A Tensão no Hotel de Luxo em Lisboa

Ele me jogou na cama king size, boca faminta nos meus peitos, chupando os mamilos duros até doer de prazer. ‘Que tetas perfeitas, caralho.’ Desci a mão pro pau dele, grosso, latejando na cueca de seda. Tirei, engoli inteiro, saliva escorrendo, gemendo enquanto ele fodia minha boca. ‘Boa putinha, chupa bem.’ Virei de quatro no deque iluminado pela lua, vento quente na pele nua. Ele lambeu minha cona inchada, língua no clitóris, dedos no cu apertado. ‘Molhada pra caralho, Inês.’ Meti o pau na buceta de uma vez, esticando tudo, fodendo forte, bolas batendo. ‘Mais, fode mais!’ Gritei, unhas nas costas dele. Ele cuspiu no meu cu, enfiou dois dedos, preparando. ‘Agora o cu, sua vadia luxuosa.’ Empurrou o caralho cabeçudo no meu rabo virgem pra ele, devagar no começo, depois selvagem, me rasgando de prazer. Gozei gritando, cona esguichando no lençol, ele encheu meu cu de porra quente, pulsando.

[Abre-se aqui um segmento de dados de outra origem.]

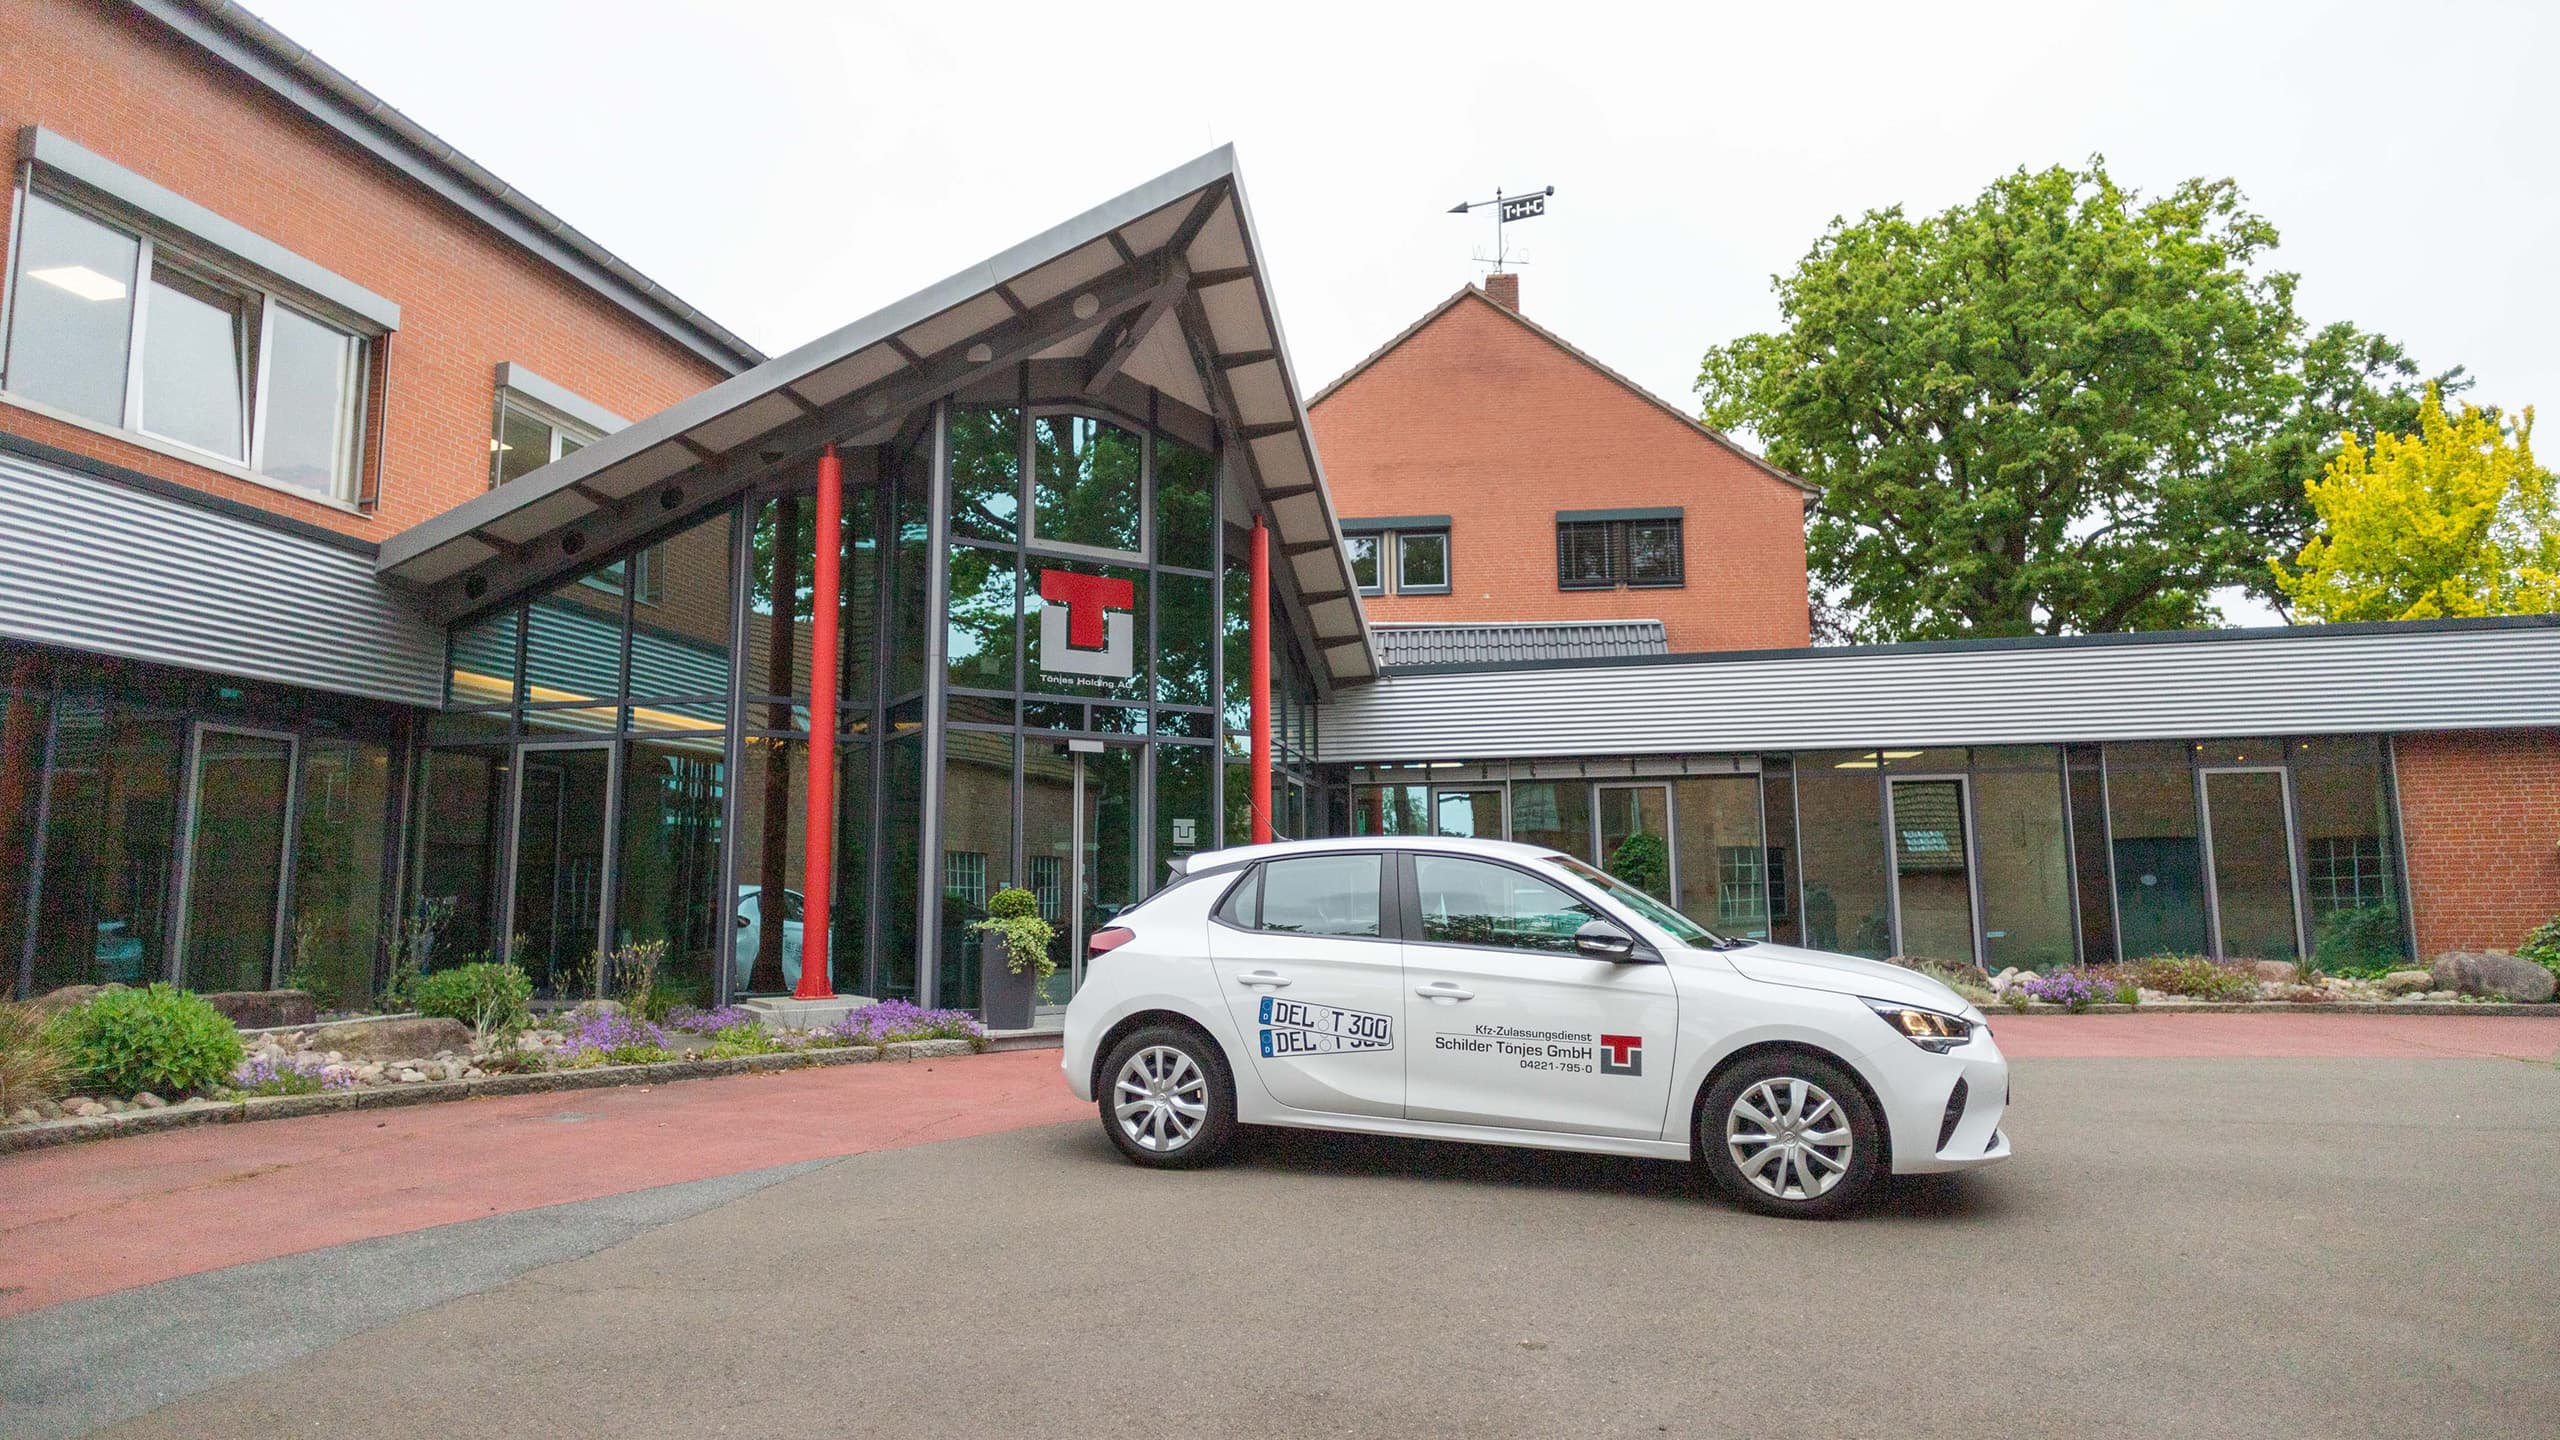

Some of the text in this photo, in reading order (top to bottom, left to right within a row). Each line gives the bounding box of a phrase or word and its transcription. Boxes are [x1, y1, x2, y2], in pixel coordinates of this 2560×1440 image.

[1040, 674, 1133, 689] Tönjes Holding AG
[1275, 1002, 1314, 1028] DEL
[1332, 1011, 1344, 1032] T
[1348, 1014, 1387, 1039] 300
[1276, 1031, 1316, 1053] DEL
[1475, 1025, 1592, 1042] Kfz-Zulassungsdienst
[1435, 1037, 1592, 1060] Schilder Tönjes GmbH
[1520, 1060, 1592, 1074] 04221-795-0
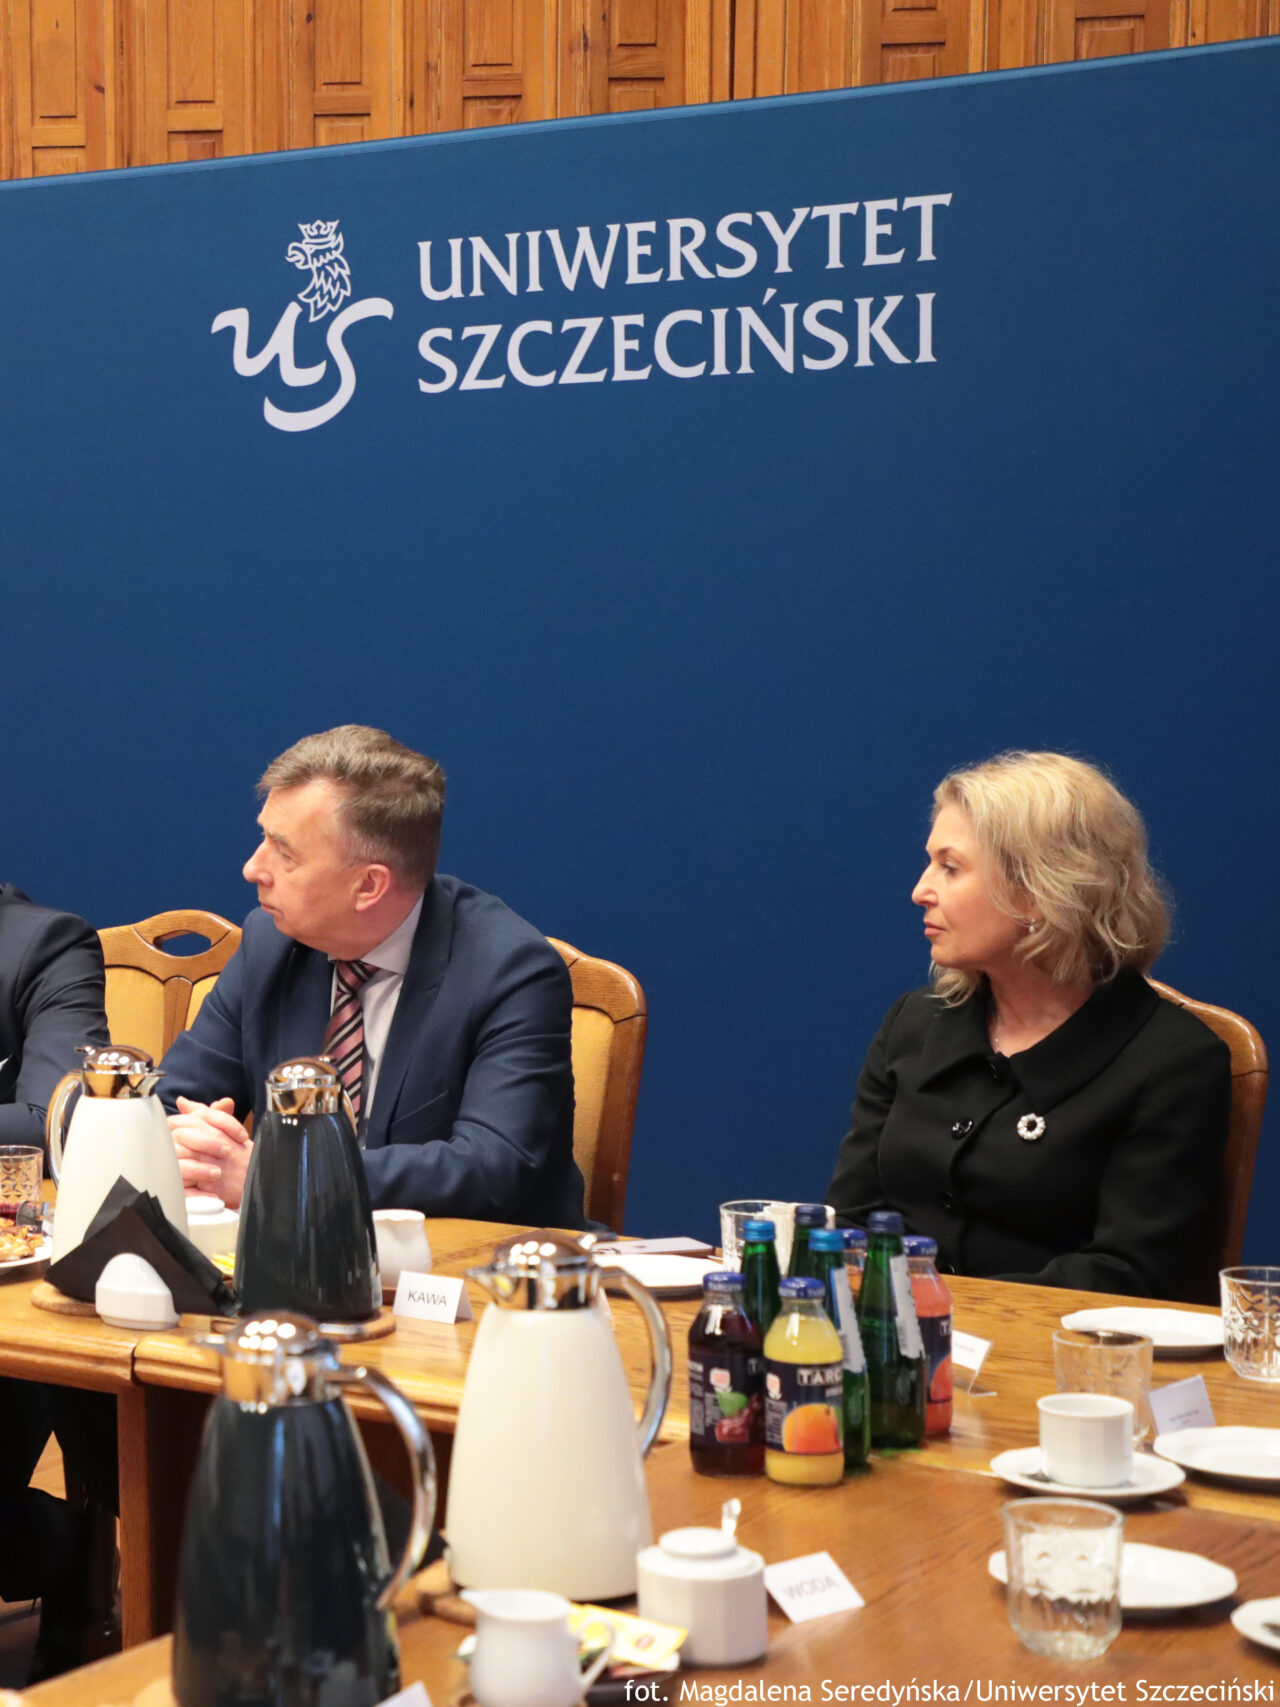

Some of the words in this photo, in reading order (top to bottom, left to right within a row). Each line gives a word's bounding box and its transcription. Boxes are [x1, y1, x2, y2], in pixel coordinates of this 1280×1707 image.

[417, 193, 953, 302] UNIWERSYTET
[418, 287, 937, 394] SZCZECIŃSKI
[407, 1289, 448, 1307] KAWA
[782, 1575, 840, 1600] WODA

Deitados exaustos, suor misturado ao sal marinho, champanhe pós-sexo na boca. Ele me abraçou, ‘Você é inesquecível.’ Senti o privilégio: jato, iate, villa ao fundo – tudo pra isso. Meu corpo formigava, cu dolorido mas satisfeito, buceta ainda latejando. Aquela noite foi além do luxo, foi luxúria pura, um segredo elite que me faz sorrir sozinha. Volto sempre pro desejo assim, sem arrependimentos.